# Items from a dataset
*** Begin section ***

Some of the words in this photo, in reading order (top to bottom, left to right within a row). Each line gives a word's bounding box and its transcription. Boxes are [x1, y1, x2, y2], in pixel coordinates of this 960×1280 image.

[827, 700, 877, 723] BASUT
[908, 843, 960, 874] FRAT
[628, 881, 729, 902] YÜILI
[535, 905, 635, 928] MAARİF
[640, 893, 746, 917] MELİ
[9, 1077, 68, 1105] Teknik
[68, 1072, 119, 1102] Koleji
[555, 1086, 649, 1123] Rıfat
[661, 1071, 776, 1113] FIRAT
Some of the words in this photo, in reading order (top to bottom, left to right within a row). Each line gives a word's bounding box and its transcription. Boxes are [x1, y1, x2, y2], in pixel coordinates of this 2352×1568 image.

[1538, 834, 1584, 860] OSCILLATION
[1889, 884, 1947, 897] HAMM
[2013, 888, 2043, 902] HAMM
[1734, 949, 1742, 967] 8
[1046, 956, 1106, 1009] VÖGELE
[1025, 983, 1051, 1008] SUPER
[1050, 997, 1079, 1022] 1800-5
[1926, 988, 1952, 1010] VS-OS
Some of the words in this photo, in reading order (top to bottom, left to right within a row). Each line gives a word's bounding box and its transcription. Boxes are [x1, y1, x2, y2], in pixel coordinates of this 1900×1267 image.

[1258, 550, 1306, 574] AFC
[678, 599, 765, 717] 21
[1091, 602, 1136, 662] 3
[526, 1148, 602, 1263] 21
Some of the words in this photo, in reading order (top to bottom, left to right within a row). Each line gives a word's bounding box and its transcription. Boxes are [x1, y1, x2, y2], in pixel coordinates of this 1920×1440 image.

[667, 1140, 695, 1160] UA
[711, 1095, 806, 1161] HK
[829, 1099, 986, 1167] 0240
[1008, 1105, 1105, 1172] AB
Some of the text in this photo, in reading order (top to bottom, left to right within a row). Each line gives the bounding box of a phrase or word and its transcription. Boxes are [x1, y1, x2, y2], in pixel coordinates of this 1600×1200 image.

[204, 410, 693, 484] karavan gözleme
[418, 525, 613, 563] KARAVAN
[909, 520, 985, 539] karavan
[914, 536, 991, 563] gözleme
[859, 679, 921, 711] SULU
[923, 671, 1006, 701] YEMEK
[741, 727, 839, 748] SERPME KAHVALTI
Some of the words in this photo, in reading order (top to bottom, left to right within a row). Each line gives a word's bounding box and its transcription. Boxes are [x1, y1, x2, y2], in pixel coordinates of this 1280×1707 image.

*** End section ***

# Work instruction
Give the records above again, word for word.

# Solution
Some of the words in this photo, in reading order (top to bottom, left to right within a row). Each line gives a word's bounding box and its transcription. Boxes are [x1, y1, x2, y2], in pixel coordinates of this 960×1280 image.

[827, 700, 877, 723] BASUT
[908, 843, 960, 874] FRAT
[628, 881, 729, 902] YÜILI
[535, 905, 635, 928] MAARİF
[640, 893, 746, 917] MELİ
[9, 1077, 68, 1105] Teknik
[68, 1072, 119, 1102] Koleji
[555, 1086, 649, 1123] Rıfat
[661, 1071, 776, 1113] FIRAT
Some of the words in this photo, in reading order (top to bottom, left to right within a row). Each line gives a word's bounding box and its transcription. Boxes are [x1, y1, x2, y2], in pixel coordinates of this 2352×1568 image.

[1538, 834, 1584, 860] OSCILLATION
[1889, 884, 1947, 897] HAMM
[2013, 888, 2043, 902] HAMM
[1734, 949, 1742, 967] 8
[1046, 956, 1106, 1009] VÖGELE
[1025, 983, 1051, 1008] SUPER
[1050, 997, 1079, 1022] 1800-5
[1926, 988, 1952, 1010] VS-OS
Some of the words in this photo, in reading order (top to bottom, left to right within a row). Each line gives a word's bounding box and its transcription. Boxes are [x1, y1, x2, y2], in pixel coordinates of this 1900×1267 image.

[1258, 550, 1306, 574] AFC
[678, 599, 765, 717] 21
[1091, 602, 1136, 662] 3
[526, 1148, 602, 1263] 21
Some of the words in this photo, in reading order (top to bottom, left to right within a row). Each line gives a word's bounding box and its transcription. Boxes are [x1, y1, x2, y2], in pixel coordinates of this 1920×1440 image.

[667, 1140, 695, 1160] UA
[711, 1095, 806, 1161] HK
[829, 1099, 986, 1167] 0240
[1008, 1105, 1105, 1172] AB
Some of the text in this photo, in reading order (top to bottom, left to right within a row). Each line gives the bounding box of a phrase or word and its transcription. Boxes are [x1, y1, x2, y2], in pixel coordinates of this 1600×1200 image.

[204, 410, 693, 484] karavan gözleme
[418, 525, 613, 563] KARAVAN
[909, 520, 985, 539] karavan
[914, 536, 991, 563] gözleme
[859, 679, 921, 711] SULU
[923, 671, 1006, 701] YEMEK
[741, 727, 839, 748] SERPME KAHVALTI
Some of the words in this photo, in reading order (top to bottom, left to right within a row). Each line gives a word's bounding box and its transcription. Boxes are [x1, y1, x2, y2], in pixel coordinates of this 1280×1707 image.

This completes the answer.